BEGIN
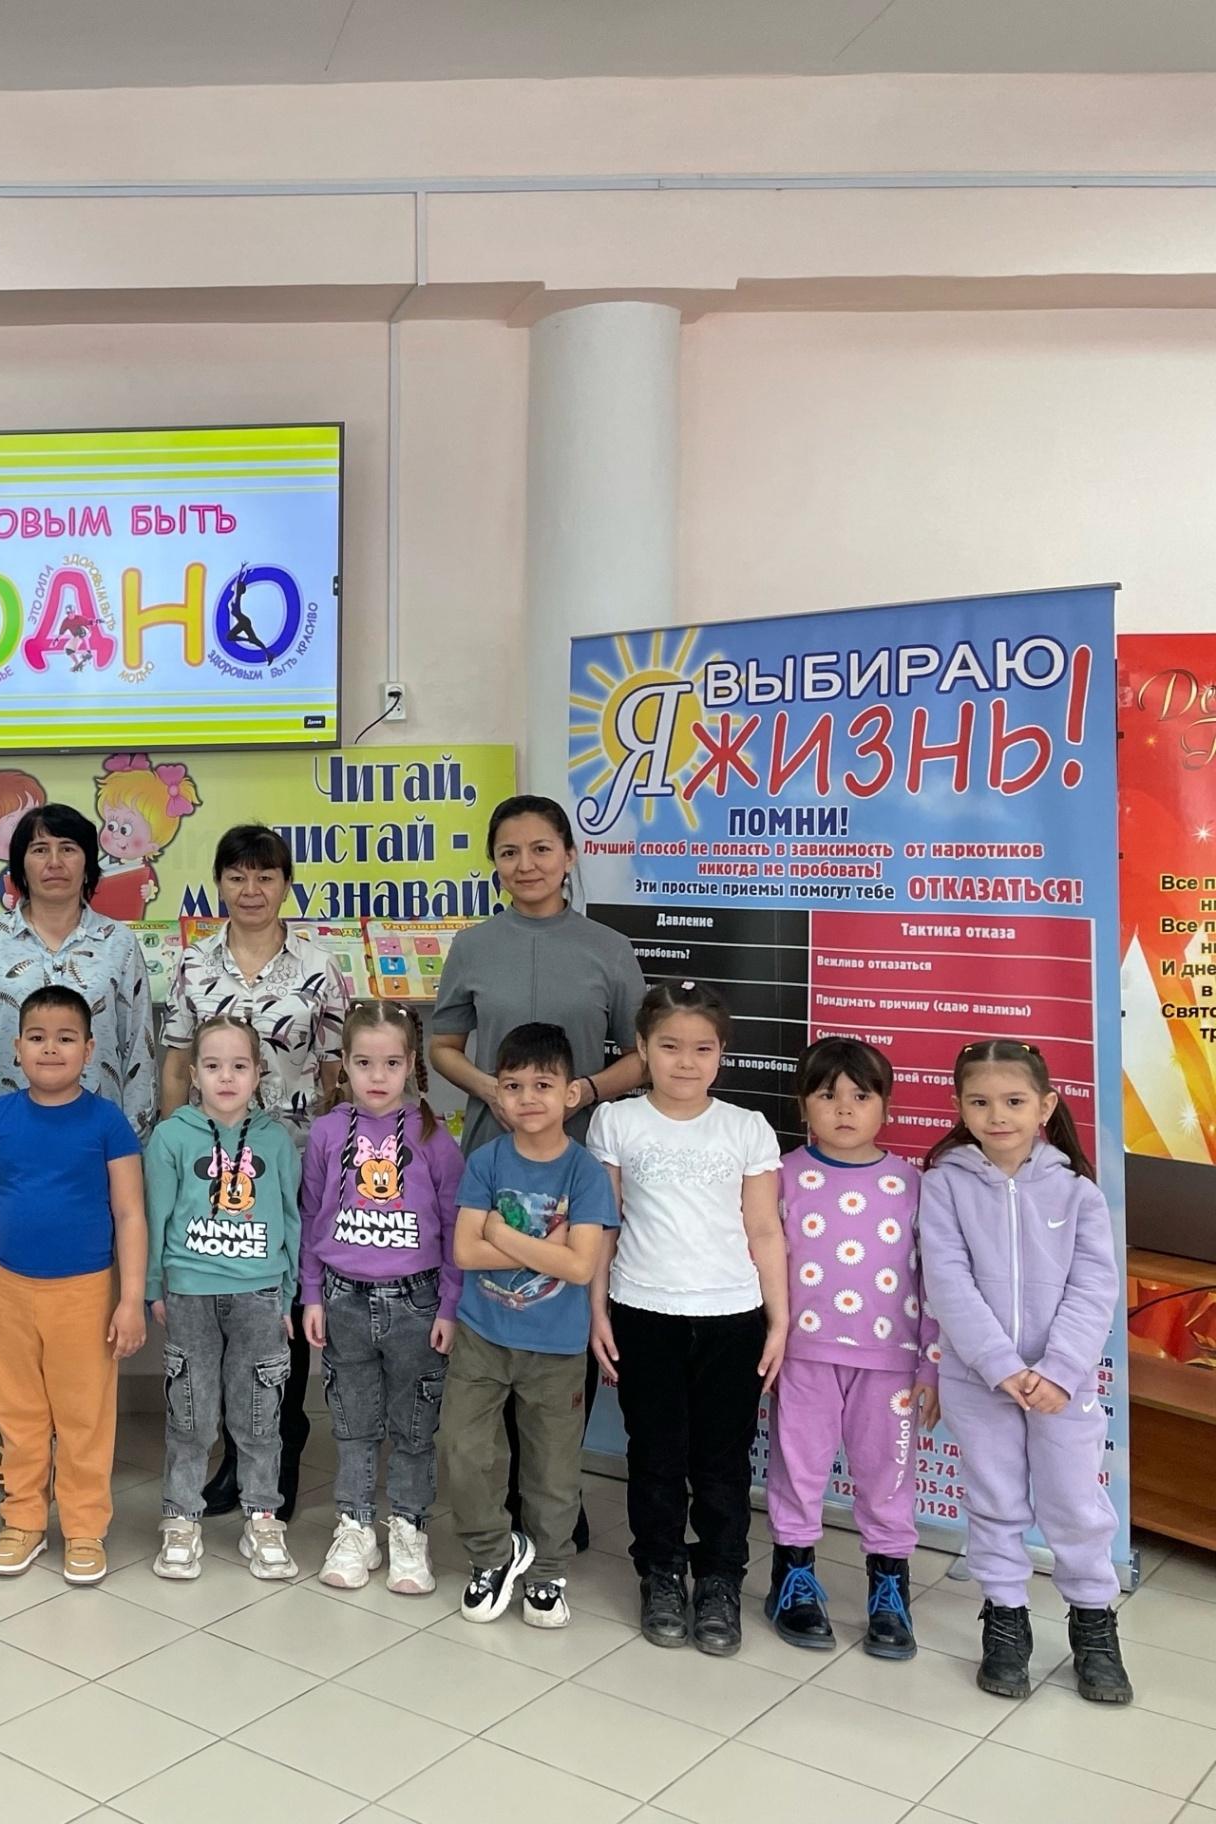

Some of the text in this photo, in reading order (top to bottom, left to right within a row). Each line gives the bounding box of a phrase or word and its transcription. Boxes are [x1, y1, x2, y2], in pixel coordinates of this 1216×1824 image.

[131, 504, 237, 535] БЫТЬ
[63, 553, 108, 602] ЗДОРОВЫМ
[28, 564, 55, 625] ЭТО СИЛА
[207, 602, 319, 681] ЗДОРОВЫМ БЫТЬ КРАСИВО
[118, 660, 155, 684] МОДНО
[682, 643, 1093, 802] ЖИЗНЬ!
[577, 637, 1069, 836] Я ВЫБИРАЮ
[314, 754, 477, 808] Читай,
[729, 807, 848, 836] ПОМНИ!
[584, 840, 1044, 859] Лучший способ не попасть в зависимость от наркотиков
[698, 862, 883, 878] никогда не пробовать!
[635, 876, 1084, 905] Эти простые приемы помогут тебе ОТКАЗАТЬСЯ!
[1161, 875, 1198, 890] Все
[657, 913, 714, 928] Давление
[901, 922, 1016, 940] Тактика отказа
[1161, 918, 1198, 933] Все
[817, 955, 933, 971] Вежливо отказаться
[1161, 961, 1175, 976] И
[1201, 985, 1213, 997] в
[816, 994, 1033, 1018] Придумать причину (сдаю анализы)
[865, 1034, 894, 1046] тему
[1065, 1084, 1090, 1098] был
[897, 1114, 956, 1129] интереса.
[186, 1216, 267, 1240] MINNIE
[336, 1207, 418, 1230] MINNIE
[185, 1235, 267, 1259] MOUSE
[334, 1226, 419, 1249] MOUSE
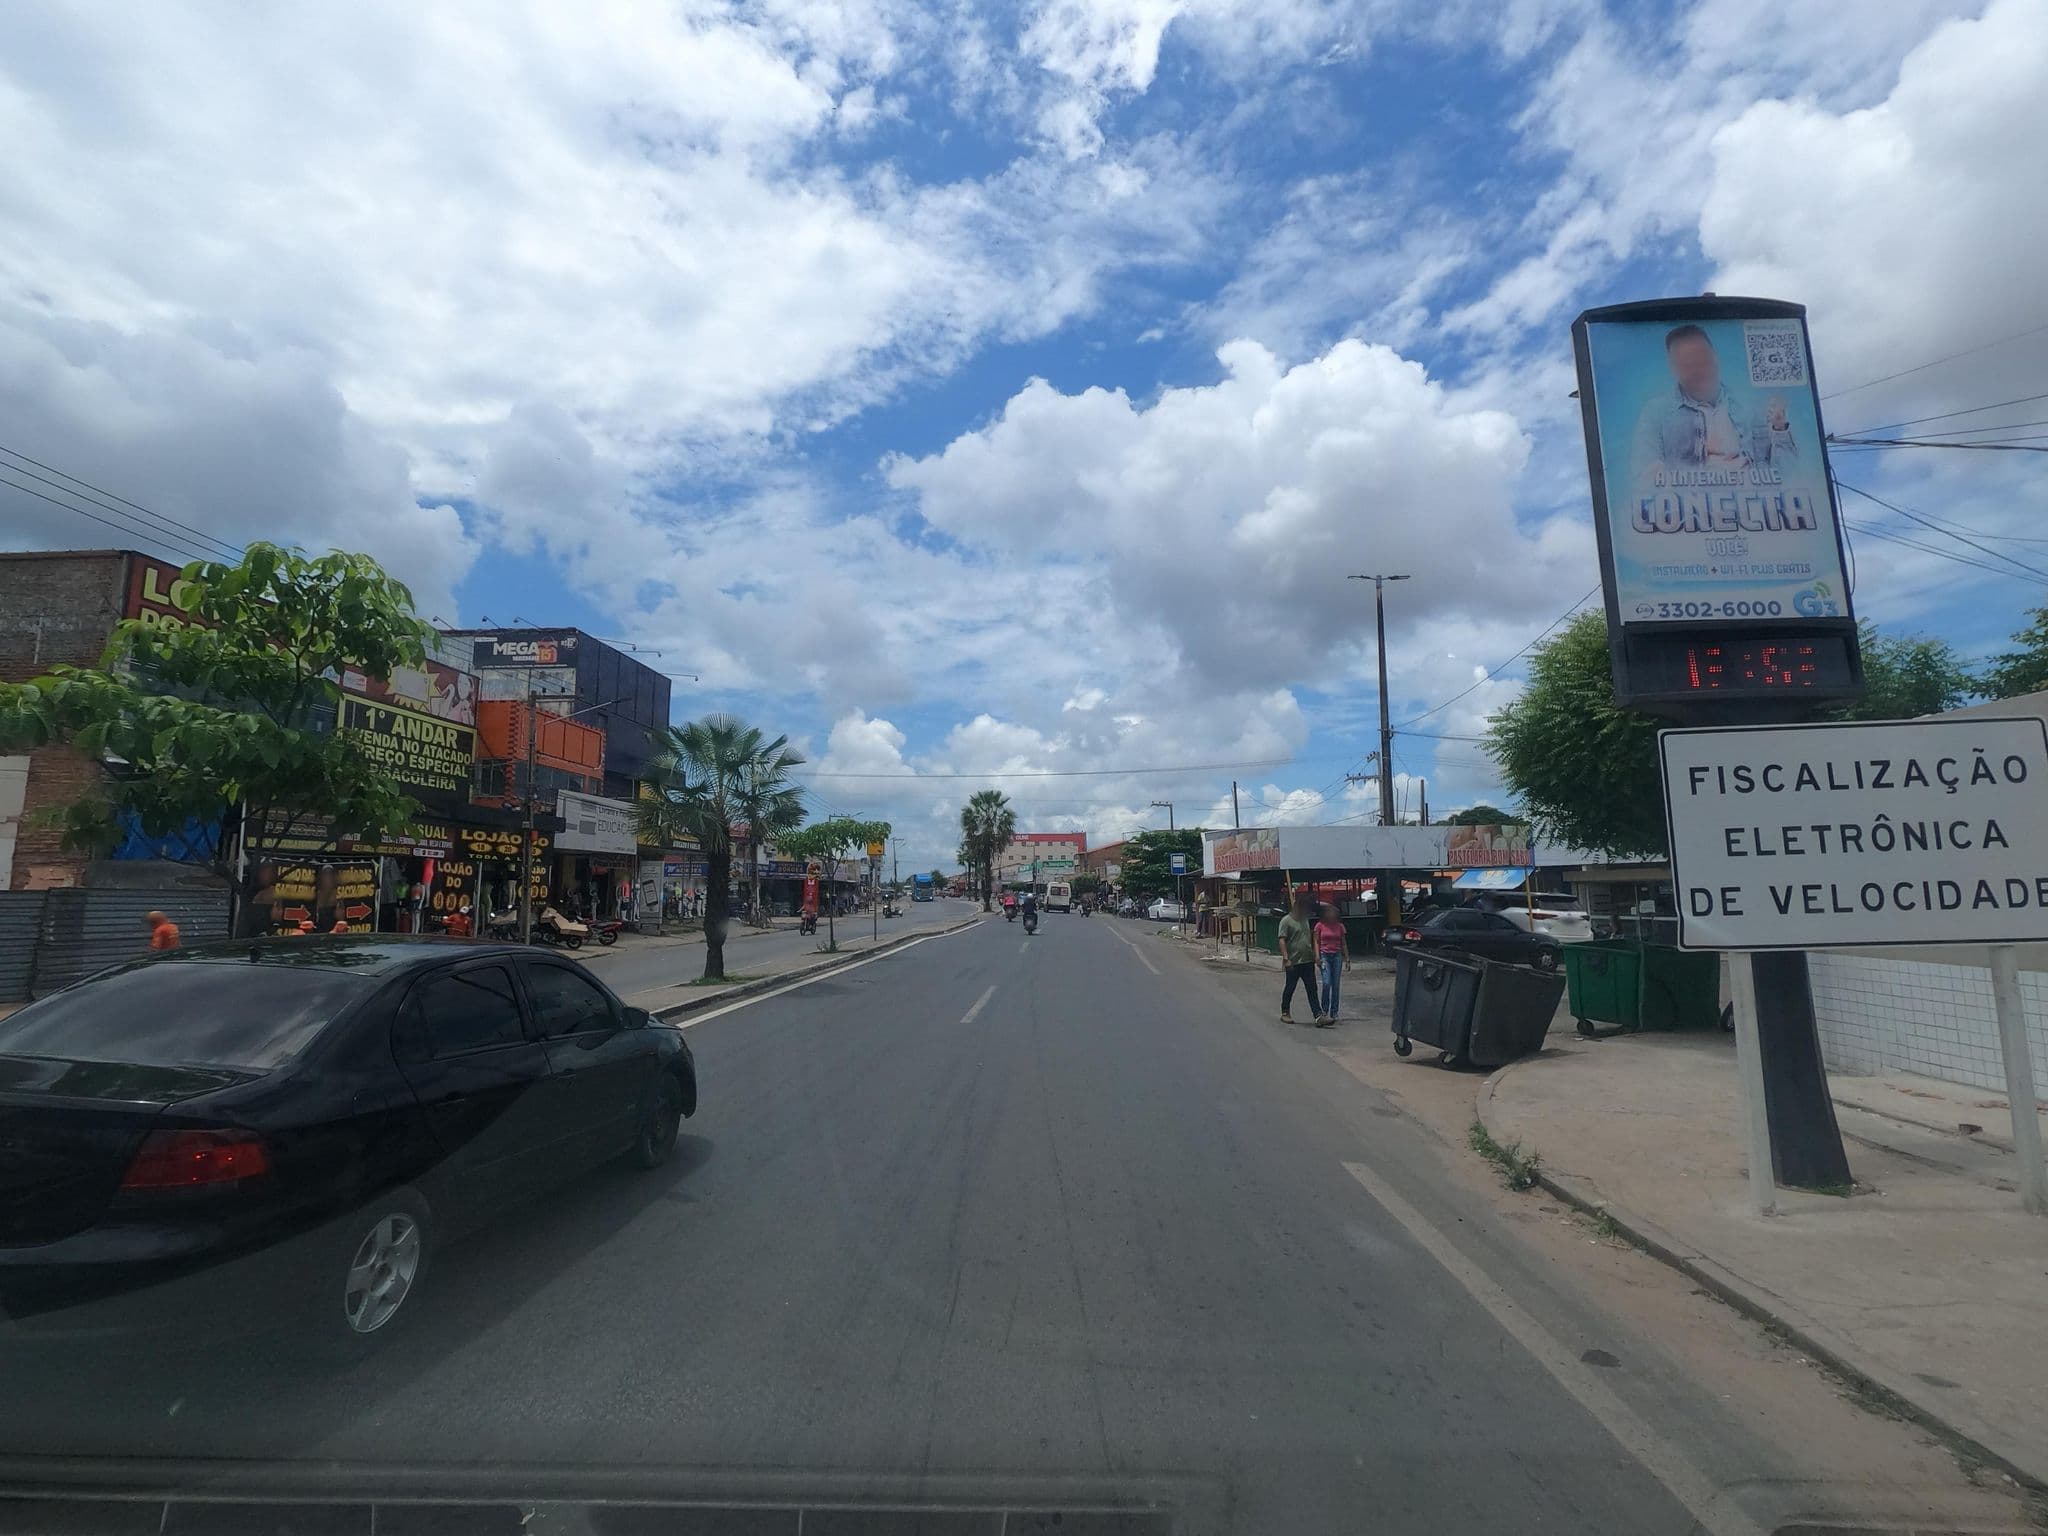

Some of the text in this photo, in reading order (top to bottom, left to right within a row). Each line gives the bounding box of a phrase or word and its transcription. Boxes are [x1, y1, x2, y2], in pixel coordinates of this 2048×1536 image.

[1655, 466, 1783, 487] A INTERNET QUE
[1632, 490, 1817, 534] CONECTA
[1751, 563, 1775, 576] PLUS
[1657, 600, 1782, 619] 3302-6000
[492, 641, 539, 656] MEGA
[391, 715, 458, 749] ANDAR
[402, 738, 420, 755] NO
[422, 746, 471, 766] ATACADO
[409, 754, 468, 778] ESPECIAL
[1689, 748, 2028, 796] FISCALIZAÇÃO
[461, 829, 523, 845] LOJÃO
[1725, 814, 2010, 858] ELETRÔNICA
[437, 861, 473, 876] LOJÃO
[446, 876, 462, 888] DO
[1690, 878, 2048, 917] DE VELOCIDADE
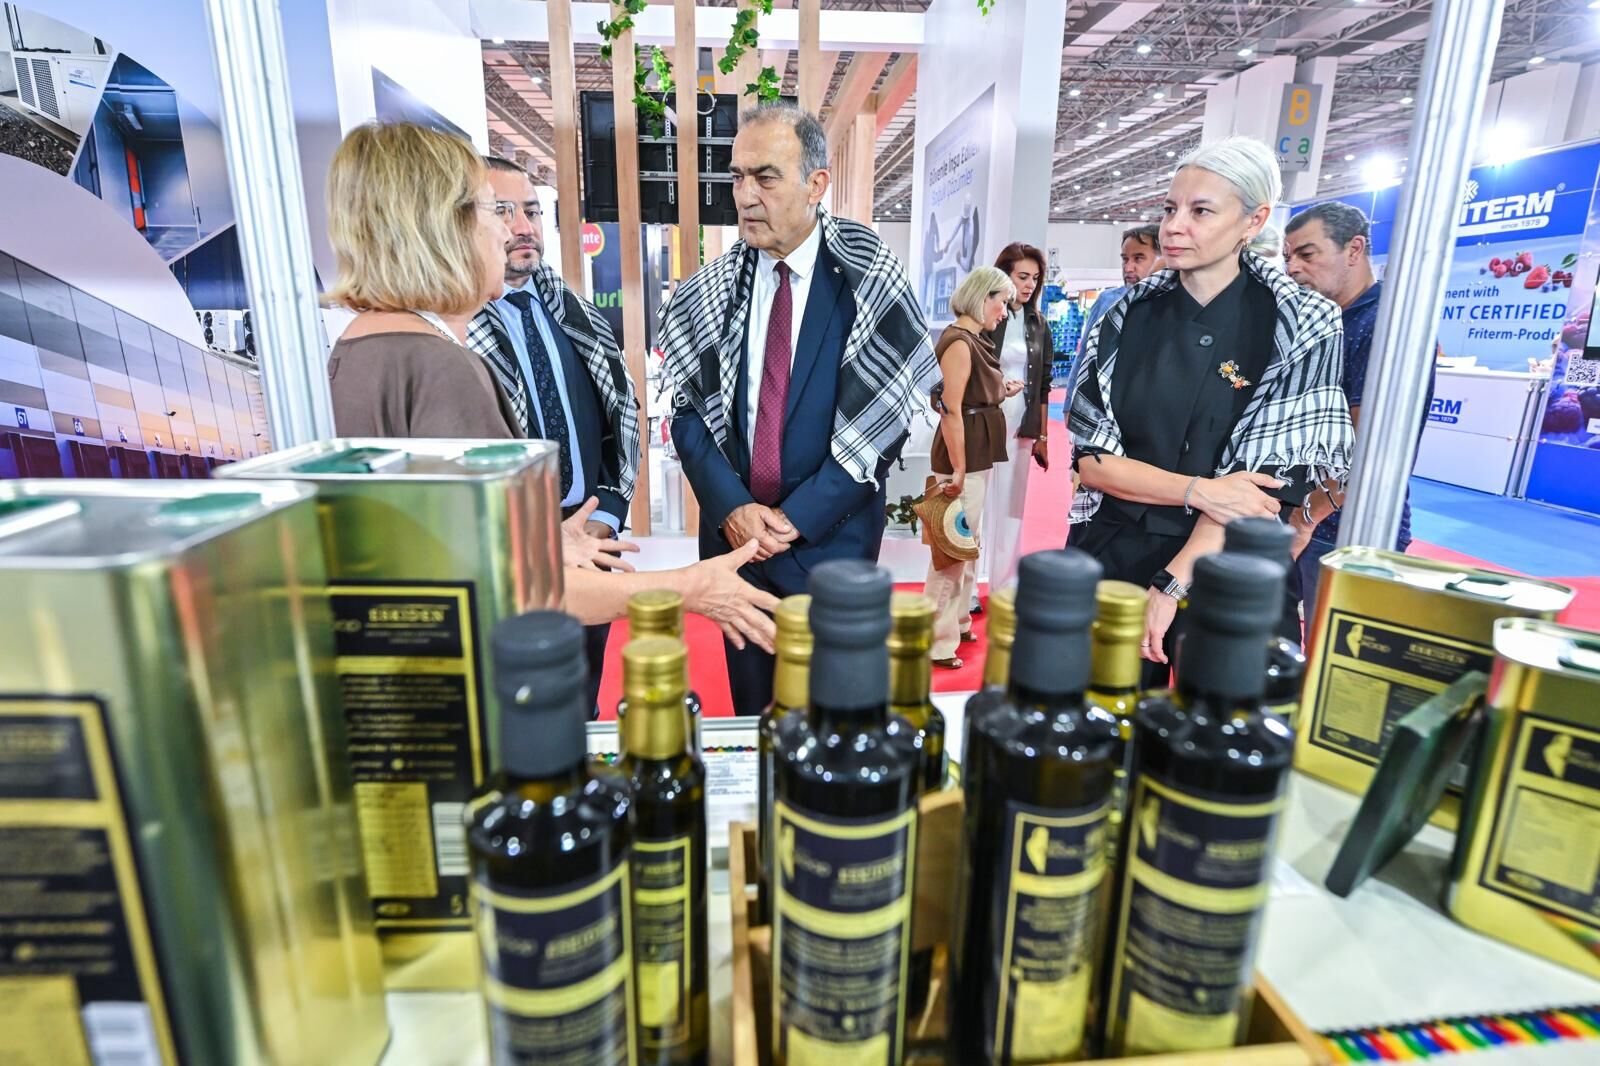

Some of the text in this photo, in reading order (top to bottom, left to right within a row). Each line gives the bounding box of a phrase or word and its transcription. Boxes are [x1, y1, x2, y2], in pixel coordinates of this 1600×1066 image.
END
The answer consists of the lines from the one holding "this 2048×1536 image." to the end of the records, inclusive, restated exactly and without pictures.

Some of the text in this photo, in reading order (top to bottom, left to right within a row). Each line gives the bounding box of a phrase or word and its transcription. Boxes are [x1, y1, x2, y2], in pixel coordinates of this 2048×1536 image.

[1655, 466, 1783, 487] A INTERNET QUE
[1632, 490, 1817, 534] CONECTA
[1751, 563, 1775, 576] PLUS
[1657, 600, 1782, 619] 3302-6000
[492, 641, 539, 656] MEGA
[391, 715, 458, 749] ANDAR
[402, 738, 420, 755] NO
[422, 746, 471, 766] ATACADO
[409, 754, 468, 778] ESPECIAL
[1689, 748, 2028, 796] FISCALIZAÇÃO
[461, 829, 523, 845] LOJÃO
[1725, 814, 2010, 858] ELETRÔNICA
[437, 861, 473, 876] LOJÃO
[446, 876, 462, 888] DO
[1690, 878, 2048, 917] DE VELOCIDADE

Some of the text in this photo, in reading order (top to bottom, left to right within a row). Each line gives the bounding box of a phrase or word and its transcription. Boxes are [x1, y1, x2, y2], in pixel coordinates of this 1600×1066 image.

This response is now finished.